Ok let me share my mind talk on this. This mind is a clever, analytical one. It loves to deconstruct. It LOVES to win a debate. It is equating self to exactly the kind of nouns you use. "The reason you can't find a single discreet self is that it is a composite of many things. That is equally true of everything else you identify as 'real'. This computer is 'real'. But what is it but a collection of component parts - casing; screen; circuit boards; microprocessors etc. Those in turn are composed of minerals, plastics... chemical compounds. The chemicals are made of atomic particles, then subatomic, then we are into quantum theory.... The same is true of an apple or a flower. Or even music = notes plus silences, actually pressure waves.... You can't identify ANYTHING as 'real' if you deconstruct it. Of course you can't find a real self, it is a composite of felt senses, memories, thoughts, impulses. The fact that these are not solid is irrelevant. You can't point at music, why do you think you should be able to point at the self?"Don't sweep blah, blah....under the carpet. Mind is extremely clever, it will hide its real belief in corners, in words like blah blah or I will get to that later...

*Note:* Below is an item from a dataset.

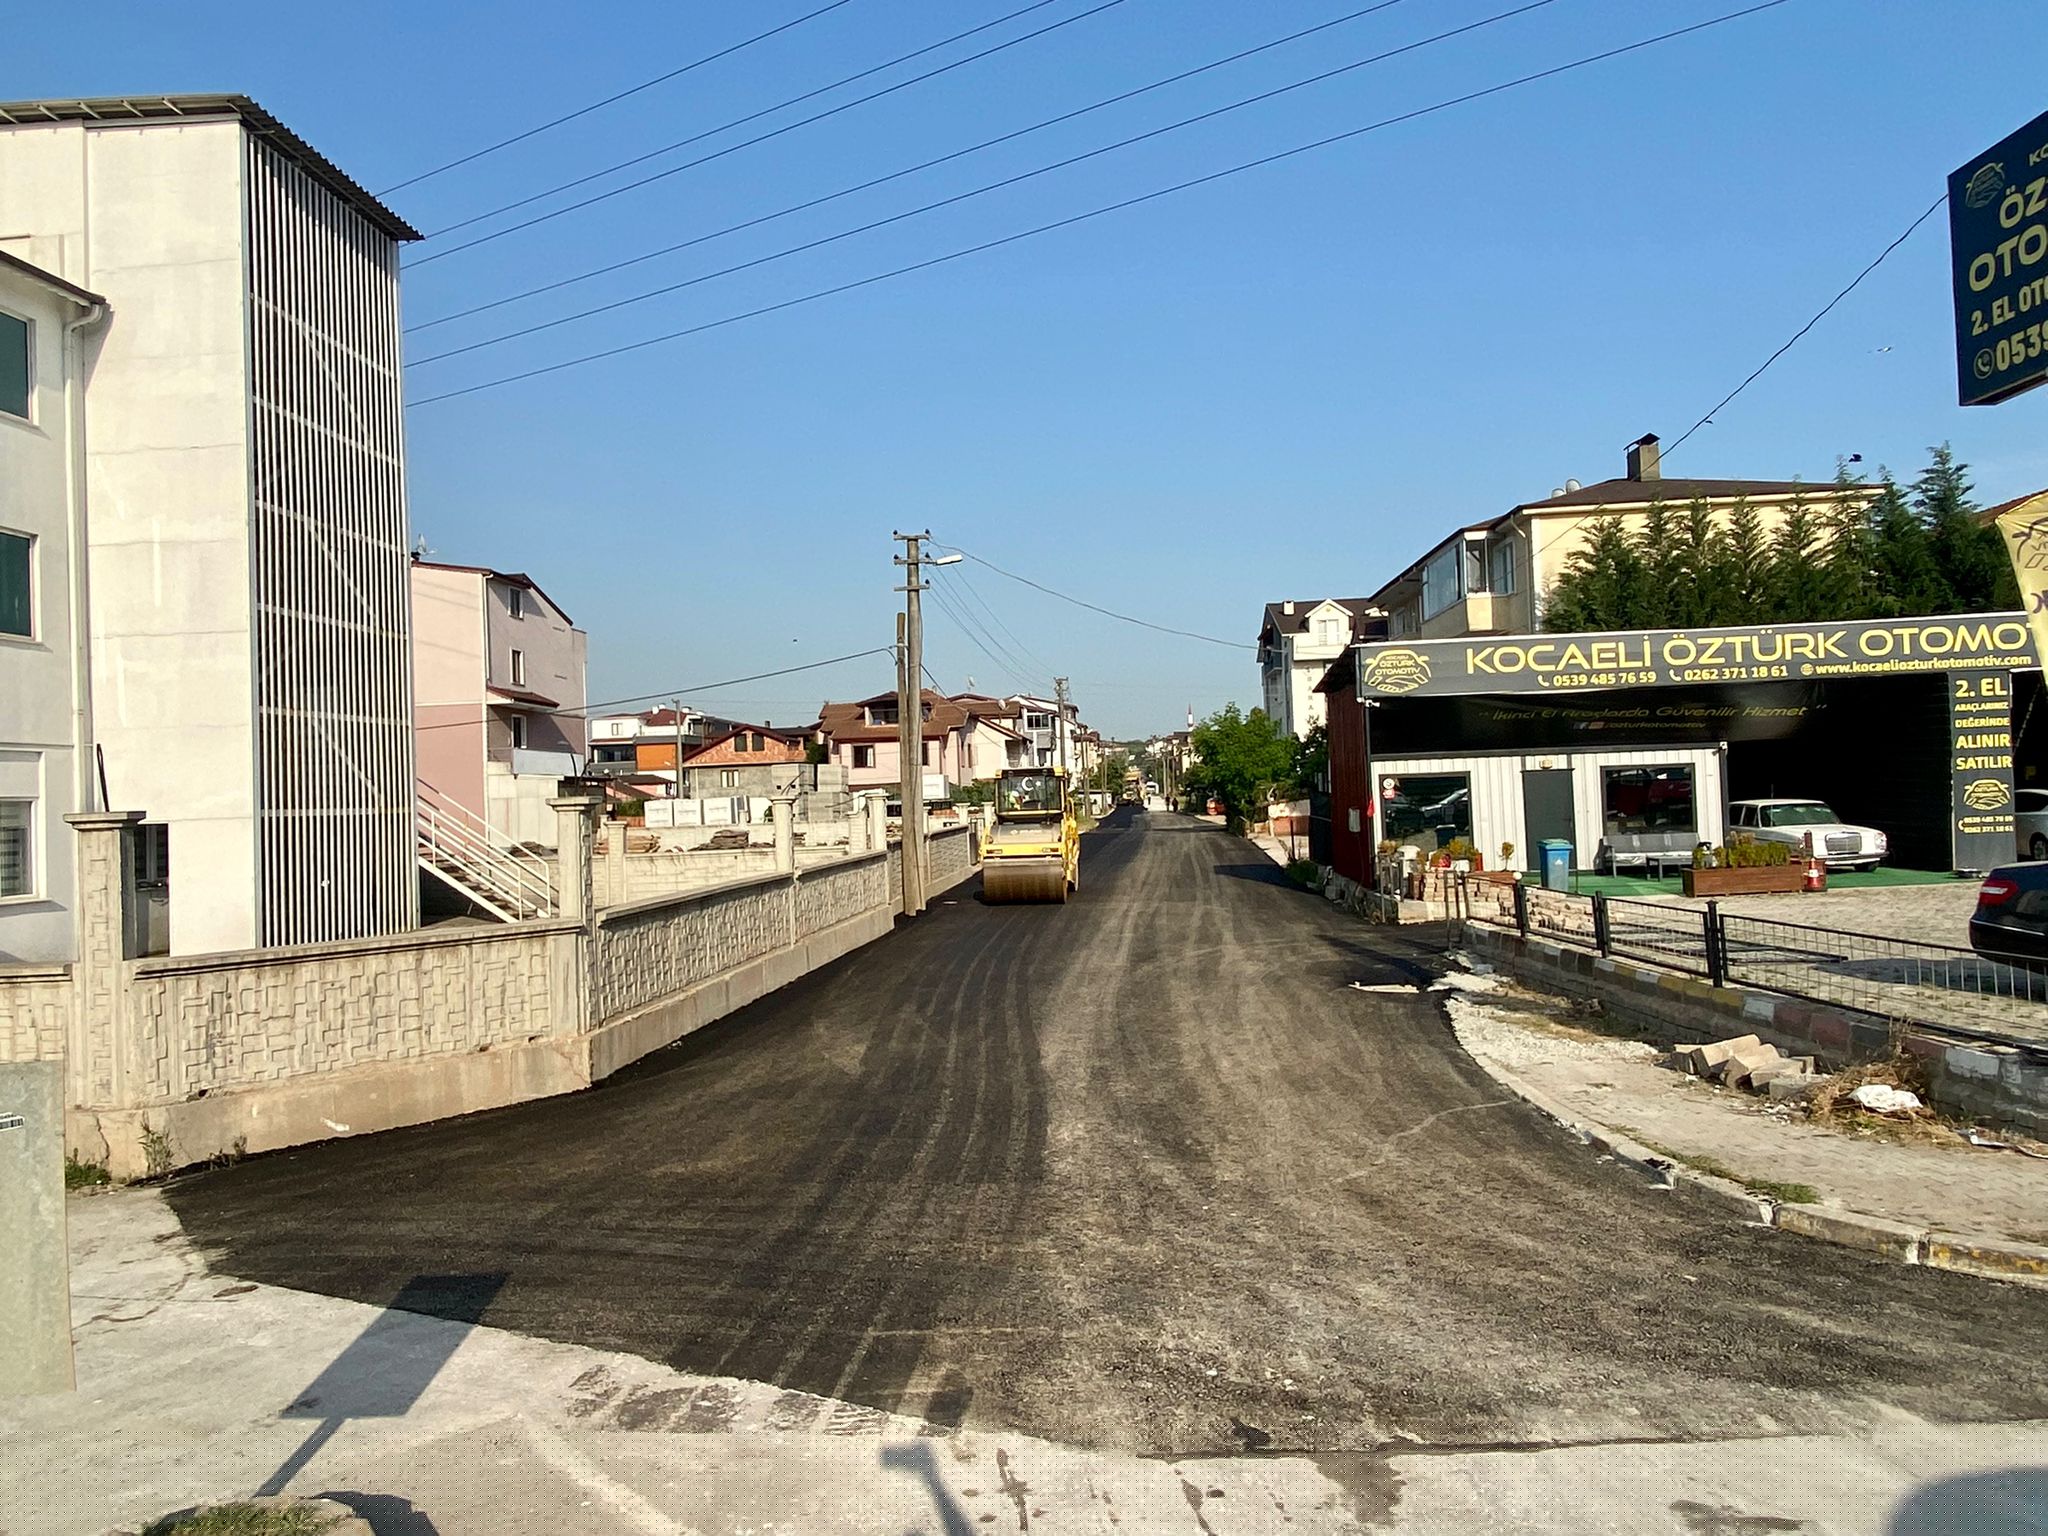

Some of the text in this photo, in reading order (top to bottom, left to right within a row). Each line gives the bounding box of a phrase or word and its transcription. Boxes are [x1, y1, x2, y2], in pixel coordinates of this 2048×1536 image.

Think of the computer. Is there such a thing as a computer or a school, university, a country in direct experience?
Seriously annoying to have this going on all the time Sunil, I tell you. It's quite convincing but I'm glad I wrote it out as I am starting to see through it. No, I can't point at music, but I can play it to anyone else and they will hear it and know that it is real. I can point at my computer and show you that it exists. I have the direct experience of hearing music, and of looking at or touching my computer.

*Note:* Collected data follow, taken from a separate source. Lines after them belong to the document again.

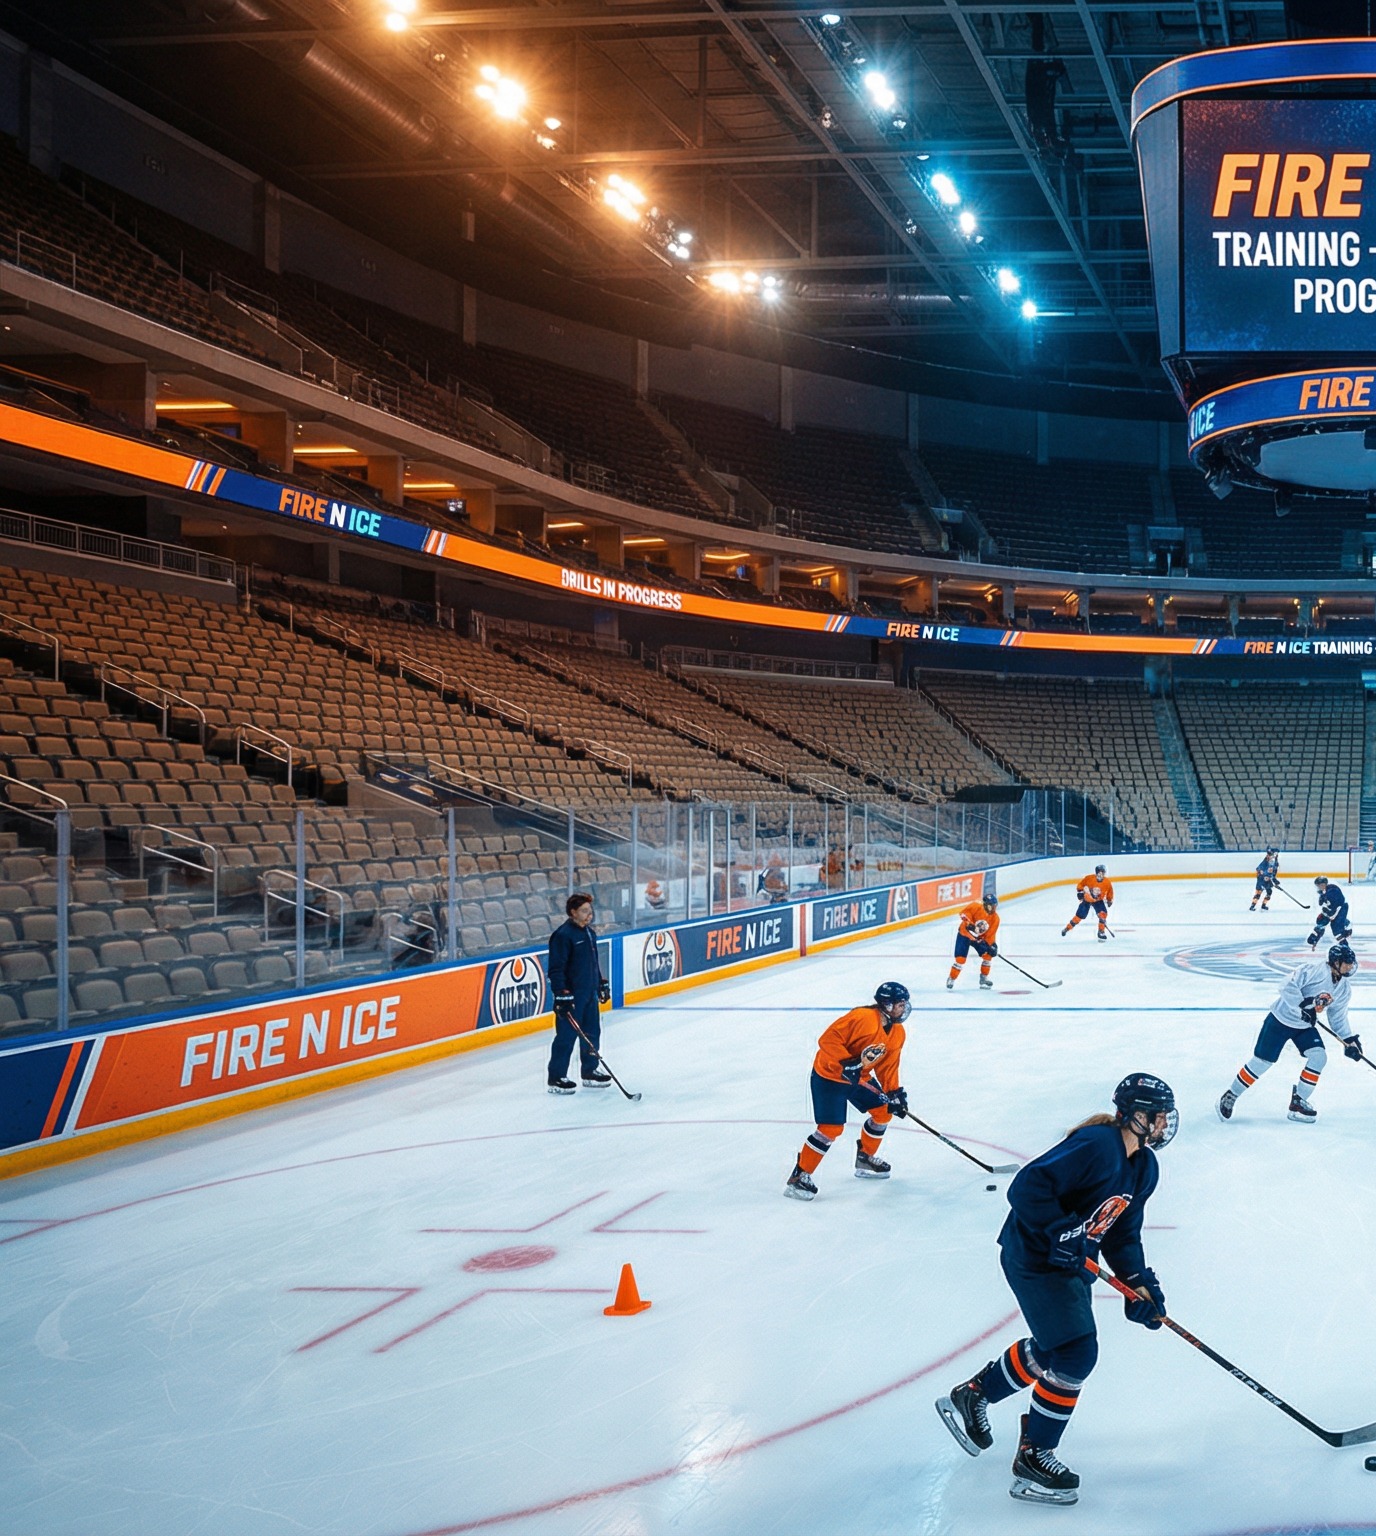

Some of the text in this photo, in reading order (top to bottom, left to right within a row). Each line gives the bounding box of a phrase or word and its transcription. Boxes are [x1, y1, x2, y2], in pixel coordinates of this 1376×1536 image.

[1212, 154, 1371, 217] FIRE
[1212, 231, 1360, 267] TRAINING
[1299, 376, 1374, 410] FIRE
[279, 488, 381, 537] FIRE N ICE
[561, 568, 682, 610] DRILLS IN PROGRESS
[886, 622, 959, 641] FIRE N ICE
[1244, 641, 1274, 654] FIRE
[1275, 641, 1287, 654] N
[1288, 641, 1310, 654] ICE
[1312, 641, 1373, 654] TRAINING
[706, 918, 782, 960] FIRE N ICE
[180, 995, 401, 1088] FIRE N ICE

I can't point at a school tho. Only the buildings, teachers, books, exam papers etc. A "school" does not exist. But a computer does. Doesn't it? I wish you had not put that in with university and country etc. That has confused me. Help me out here?
There have been some perception shifts today. You didn't ask me to do this but my attention has repeatedly gone to a question I read another guide pose in another thread. (I'm have stopped reading any since we started this dialogue btw. If you would prefer me to focus only on the questions you ask me please say.). The question was 'where are the boundaries between seer, seeing and the seen?' I have focussed on this a lot today. There does not seem to be a real boundary between seeing and the seen object. Looking closely in this way, there is a shift in perception: the experience of seeing becomes intimate, immediate, kind of 'right here'. Very familiar to previous experiences using psychedelics in fact. (I'm obviously not using anything during this process!) When attention is turned to looking for the separate seer, the mind jumps in with a whole load of persuasive narrative (see above) and a very uncomfortable feeling arises in the solar plexus. And then I stop looking. I see what needs to be done here :-)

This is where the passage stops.